5 février 2004
Cour de cassation
Pourvoi n° 02-14.181

Deuxième chambre civile

Publié au Bulletin

Titre

  • indemnisation des victimes d'infraction
  • indemnité
  • montant
  • fixation
  • faute de la victime
  • incidence
  • règles du droit commun de la responsabilité
  • victime assurée sociale
  • prestations de la sécurité sociale
  • déduction
  • condition

Sommaire

L'indemnité allouée aux victimes d'infraction doit être calculée selon les règles du droit commun de la responsabilité.

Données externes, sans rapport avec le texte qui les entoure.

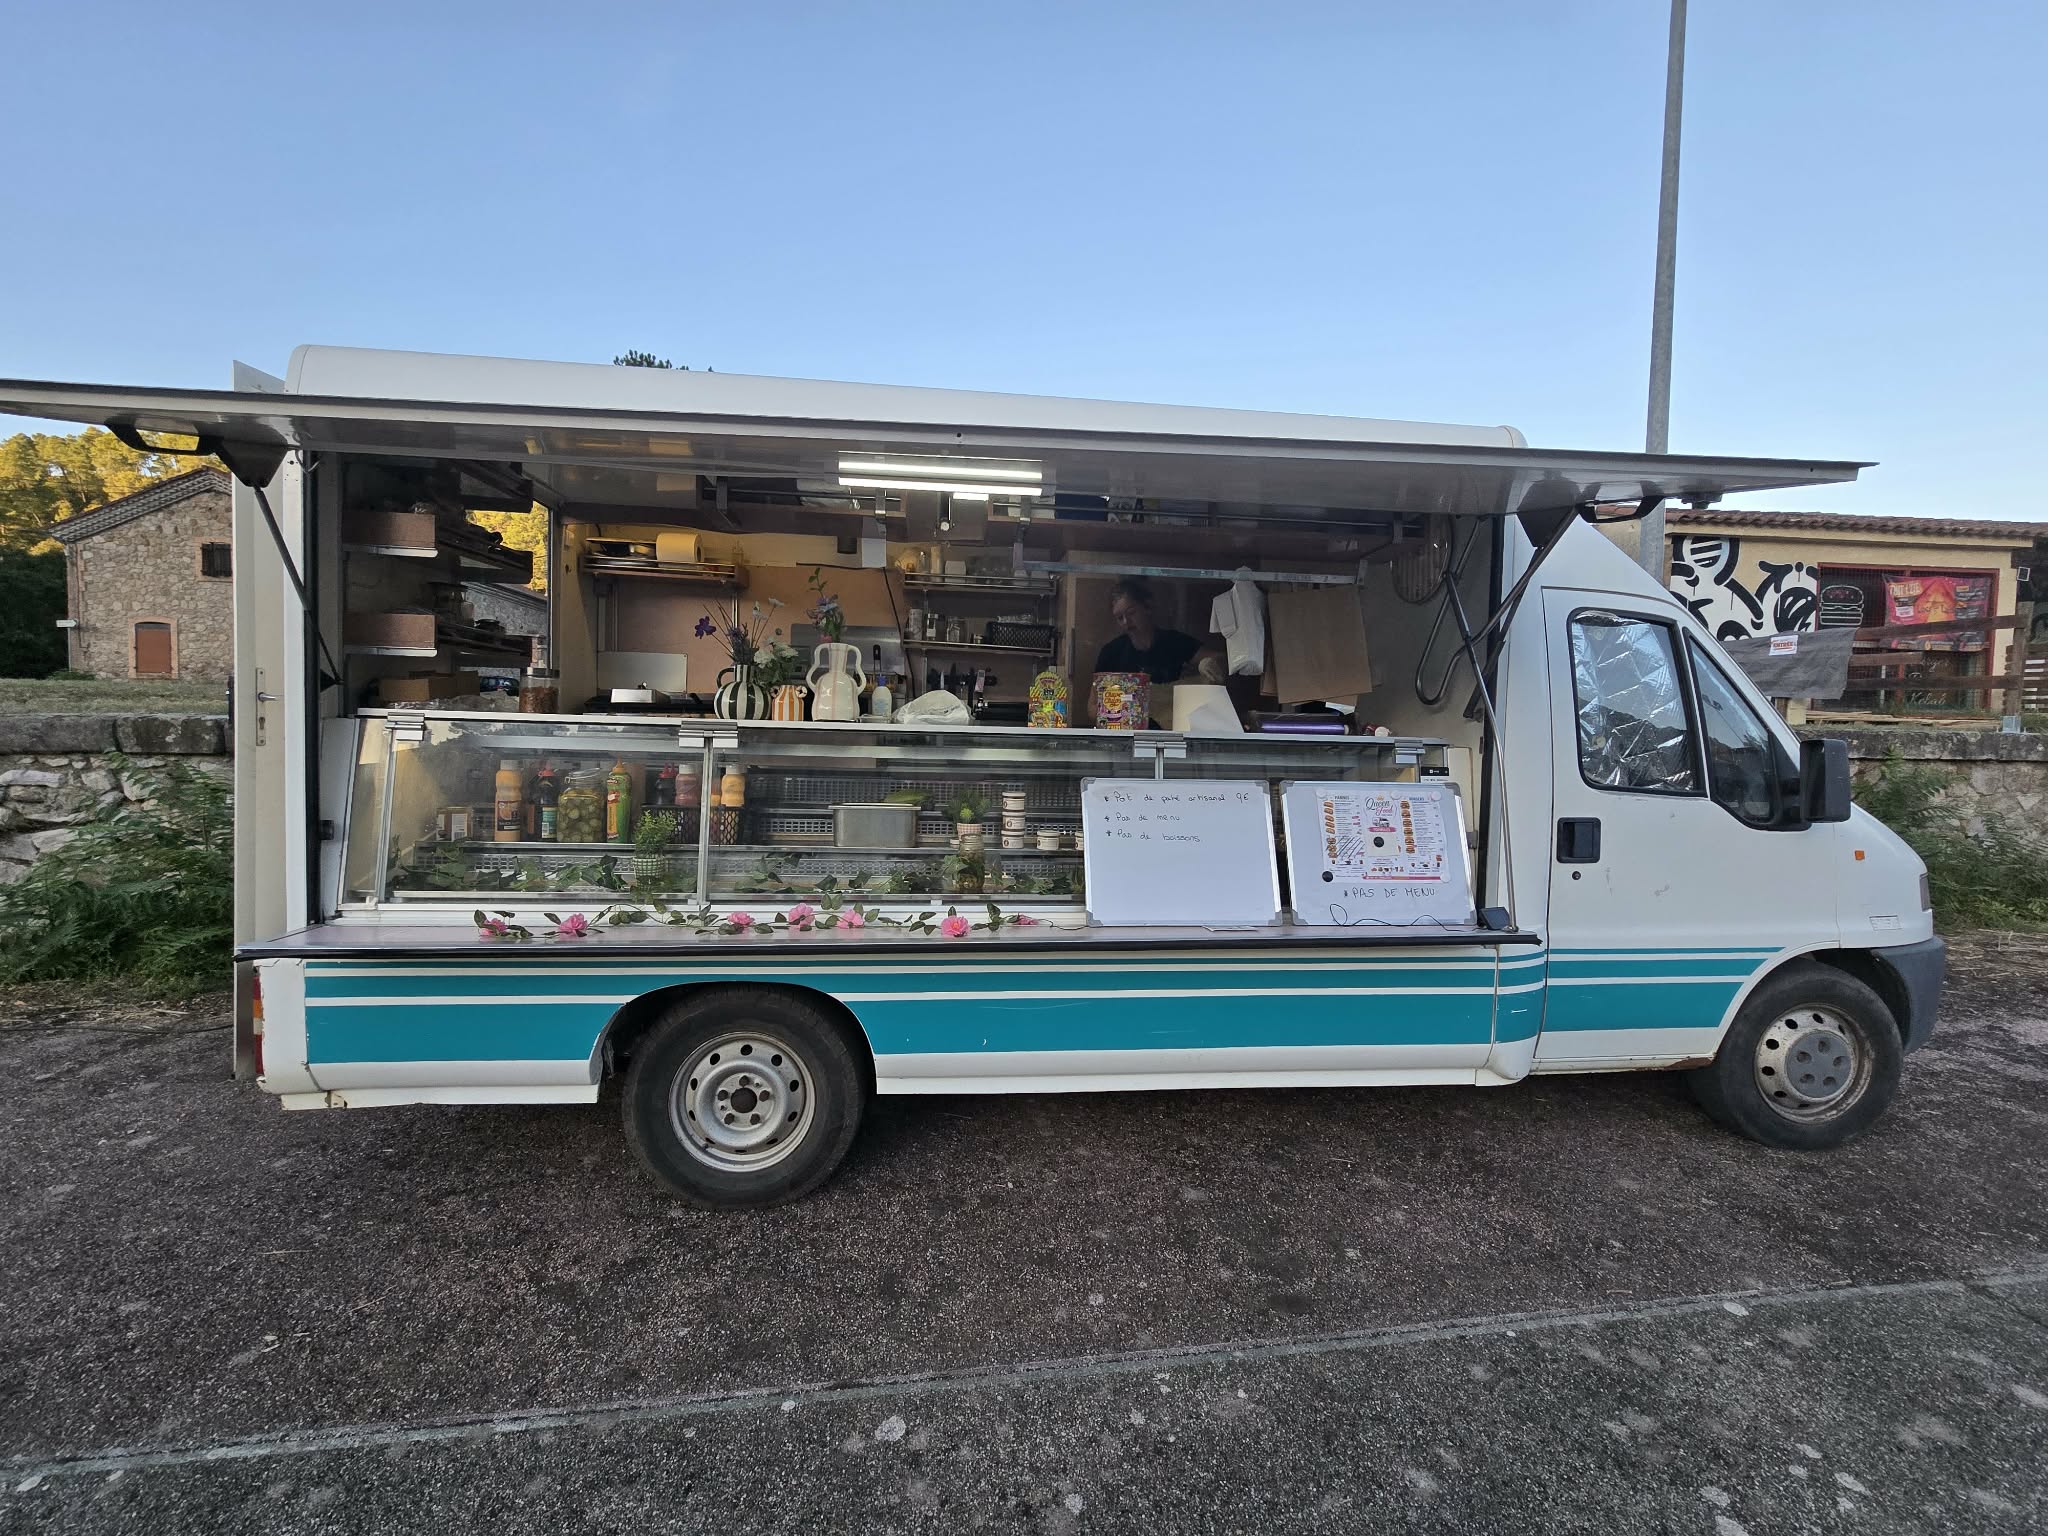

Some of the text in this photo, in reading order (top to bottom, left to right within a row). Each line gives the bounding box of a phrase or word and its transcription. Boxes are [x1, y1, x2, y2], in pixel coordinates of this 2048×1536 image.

[1114, 791, 1132, 802] Pot
[1365, 797, 1391, 811] Queen
[1352, 886, 1435, 898] PAS DE MENU
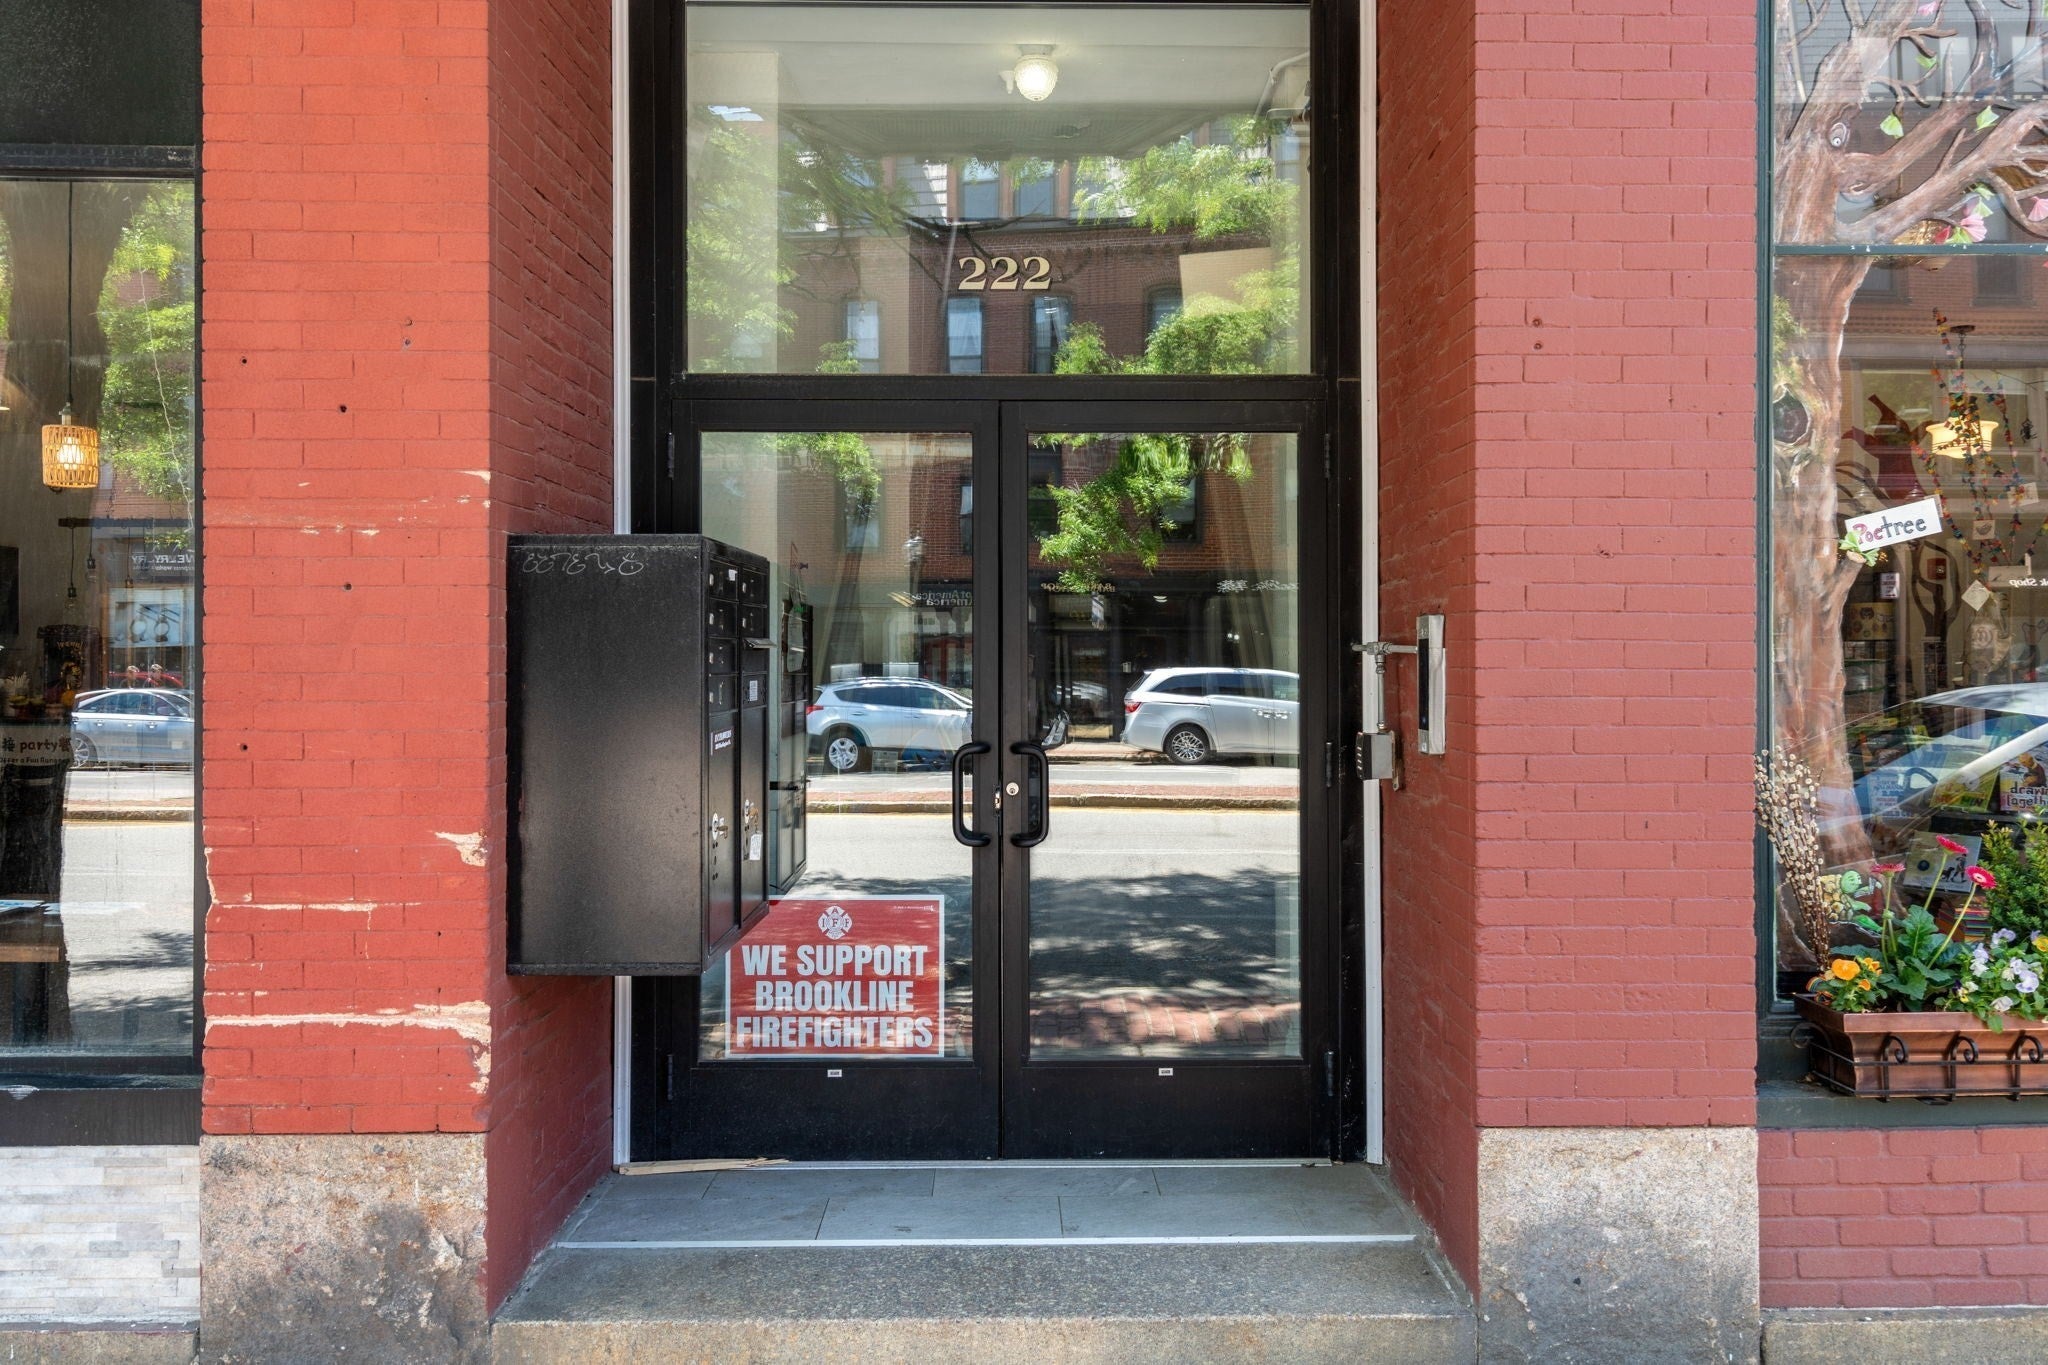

Viole les articles 706-3 et 706-9 du Code de procédure pénale une cour d'appel qui, après avoir retenu que l'indemnité de la victime devait être réduite des trois quarts en raison de sa faute, calcule son indemnisation en retenant le quart de son préjudice résiduel, après déduction, sur l'évaluation des postes de caractère non personnel de son préjudice, des prestations de l'organisme social, sans évaluer le préjudice global résultant de l'atteinte à la personne et en déduire, après réduction du droit à indemnisation de la victime en raison de sa faute, les prestations versées par les caisses de sécurité sociale.

Texte de la décision

AU NOM DU PEUPLE FRANCAIS


LA COUR DE CASSATION, DEUXIEME CHAMBRE CIVILE, a rendu l'arrêt suivant :




Sur le moyen unique :


Vu les articles 706-3 et 706-9 du Code de procédure pénale ;


Attendu que l'indemnité allouée aux victimes d'infractions doit être calculée suivant les règles du droit commun de la responsabilité ;


Attendu que, victime d'une infraction, M. X... a obtenu d'une cour d'appel une indemnité réduite des trois quarts en raison de sa propre faute ;


Attendu que pour fixer cette indemnisation, l'arrêt attaqué se borne à évaluer les chefs de préjudice corporel soumis à recours et ceux de caractère personnel, puis à liquider la somme revenant à la victime après réduction de son droit à indemnisation ;


Qu'en se déterminant ainsi, sans évaluer le préjudice global résultant de l'atteinte à la personne et sans en déduire, après réduction du droit à indemnisation de la victime décidée en raison de sa faute, les prestations versées par la Caisse de sécurité sociale, la cour d'appel a violé les textes susvisés ;


PAR CES MOTIFS :


CASSE ET ANNULE, dans toutes ses dispositions, l'arrêt rendu le 25 janvier 2002, entre les parties, par la cour d'appel de Fort-de-France ; remet, en conséquence, la cause et les parties dans l'état où elles se trouvaient avant ledit arrêt et, pour être fait droit, les renvoie devant la cour d'appel de Basse-Terre ;


Laisse les dépens à la charge du Trésor public ;


Dit que sur les diligences du Procureur général près la Cour de Cassation, le présent arrêt sera transmis pour être transcrit en marge ou à la suite de l'arrêt cassé ;


Ainsi fait et jugé par la Cour de Cassation, Deuxième chambre civile, et prononcé par le président en son audience publique du cinq février deux mille quatre.